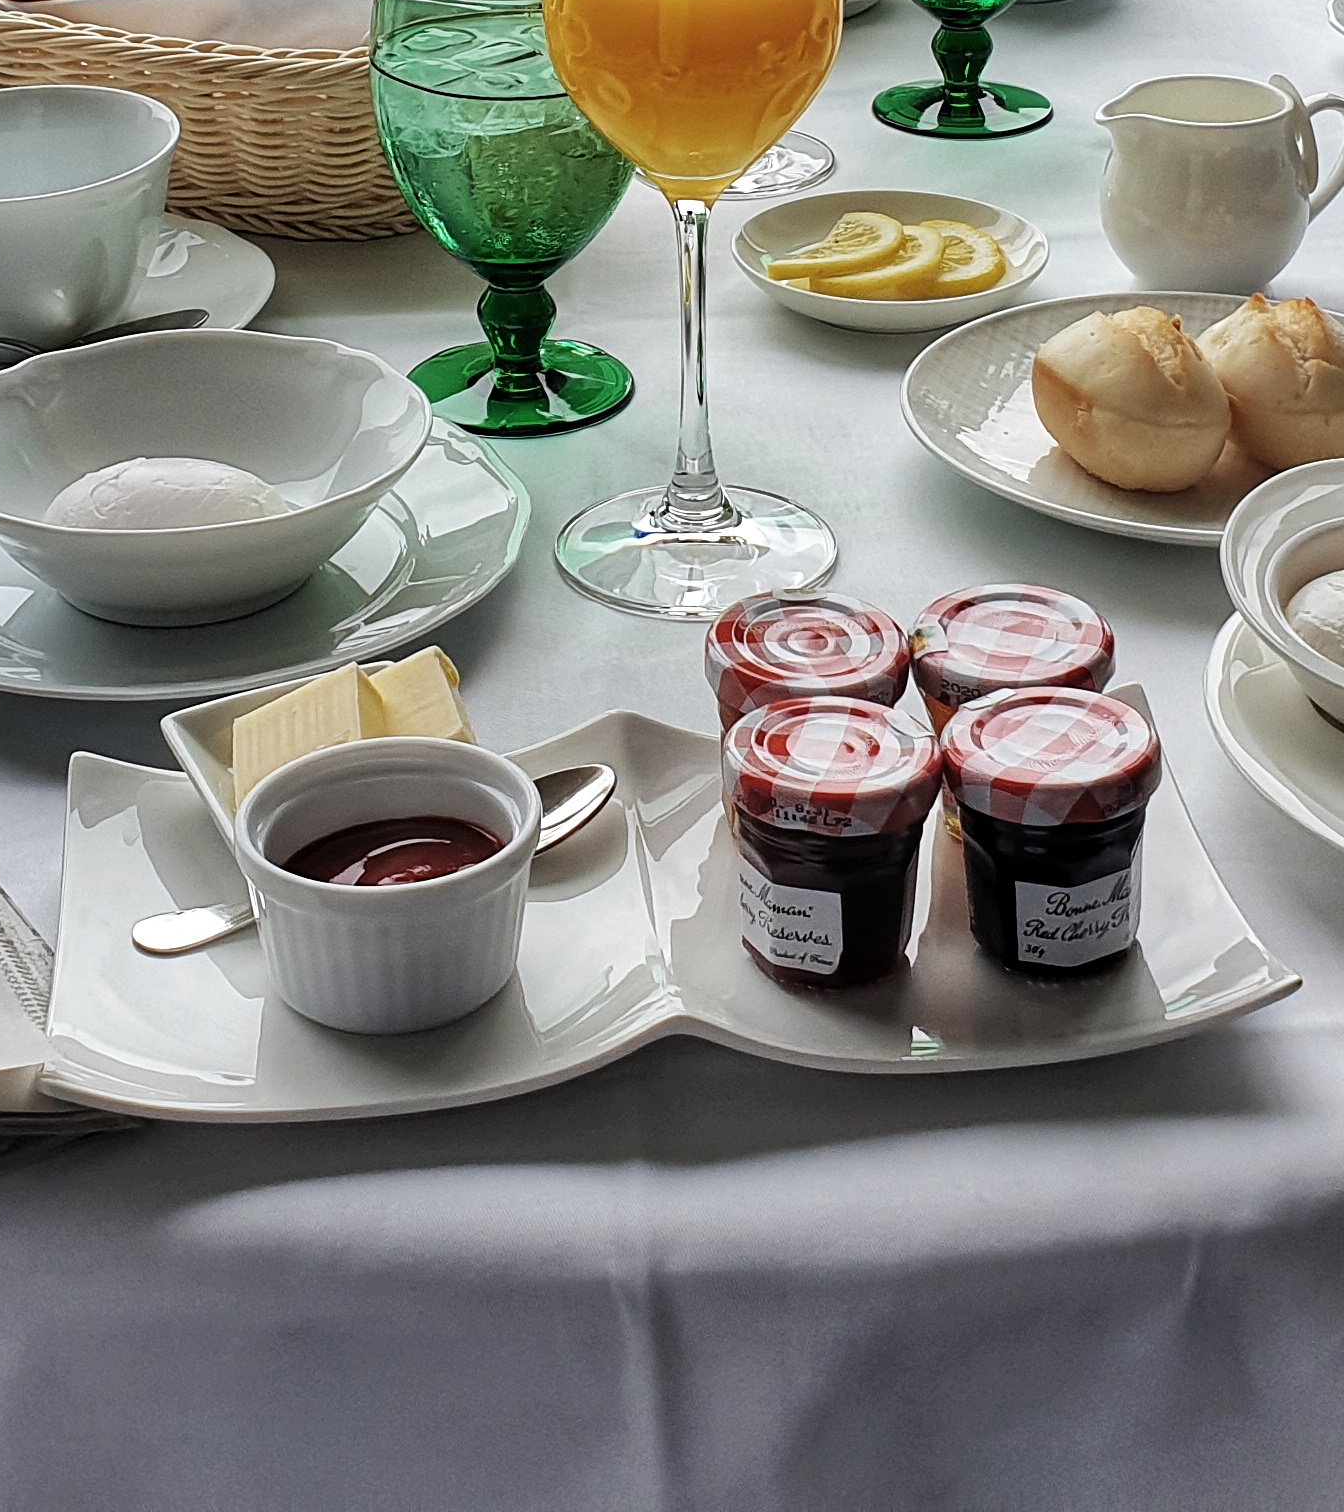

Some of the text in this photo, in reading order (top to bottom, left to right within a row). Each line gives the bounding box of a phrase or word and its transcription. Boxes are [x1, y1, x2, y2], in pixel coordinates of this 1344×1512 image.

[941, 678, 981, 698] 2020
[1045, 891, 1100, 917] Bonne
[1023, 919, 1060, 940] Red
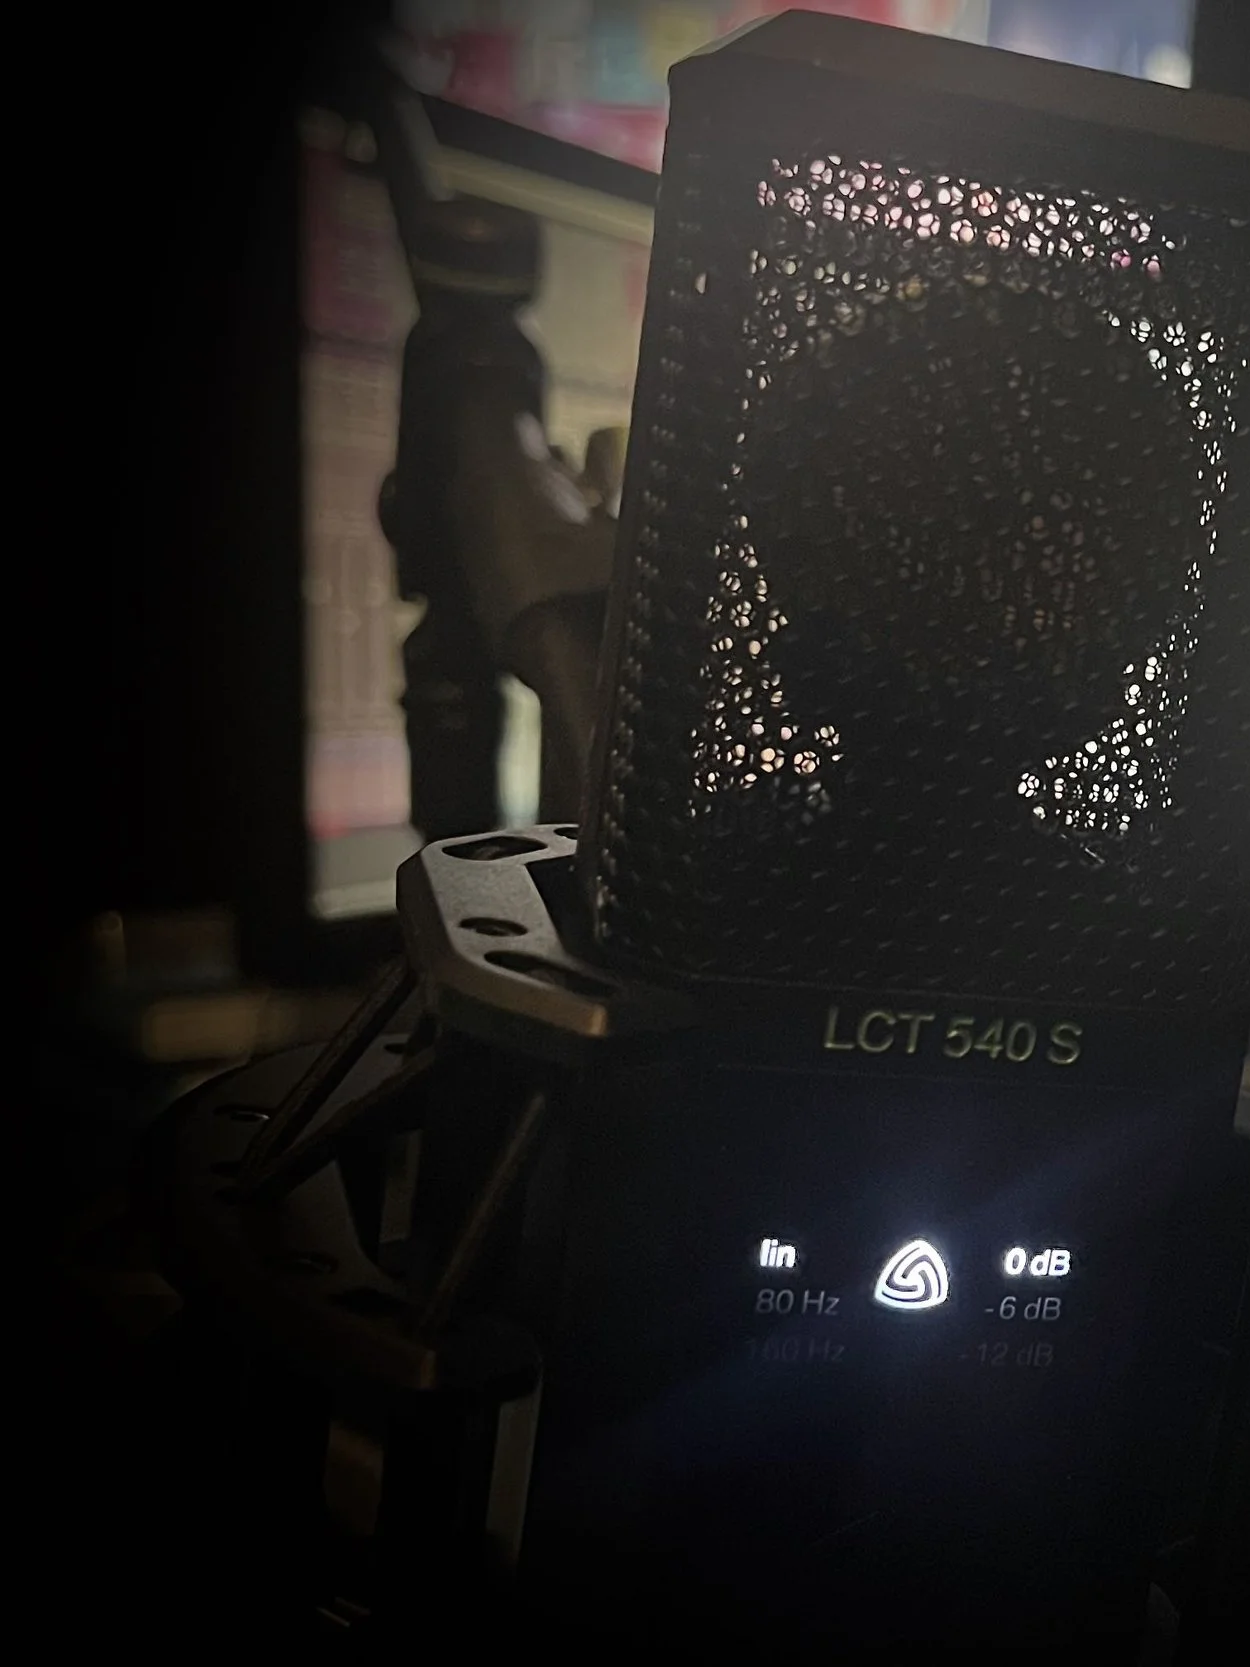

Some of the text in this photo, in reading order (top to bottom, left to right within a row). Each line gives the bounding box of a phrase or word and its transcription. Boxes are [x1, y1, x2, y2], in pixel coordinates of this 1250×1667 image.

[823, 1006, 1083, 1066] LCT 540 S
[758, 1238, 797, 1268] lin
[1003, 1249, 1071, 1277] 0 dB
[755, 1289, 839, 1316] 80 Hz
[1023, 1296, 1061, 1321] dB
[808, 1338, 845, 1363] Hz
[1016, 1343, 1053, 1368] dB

##########

What you have to do ▸
Return every entry from the listing above exactly as it stands, leaving out any picture.

Written solution ▸
Some of the text in this photo, in reading order (top to bottom, left to right within a row). Each line gives the bounding box of a phrase or word and its transcription. Boxes are [x1, y1, x2, y2], in pixel coordinates of this 1344×1512 image.

[941, 678, 981, 698] 2020
[1045, 891, 1100, 917] Bonne
[1023, 919, 1060, 940] Red

Some of the text in this photo, in reading order (top to bottom, left to right within a row). Each line gives the bounding box of a phrase or word and its transcription. Boxes are [x1, y1, x2, y2], in pixel coordinates of this 1250×1667 image.

[823, 1006, 1083, 1066] LCT 540 S
[758, 1238, 797, 1268] lin
[1003, 1249, 1071, 1277] 0 dB
[755, 1289, 839, 1316] 80 Hz
[1023, 1296, 1061, 1321] dB
[808, 1338, 845, 1363] Hz
[1016, 1343, 1053, 1368] dB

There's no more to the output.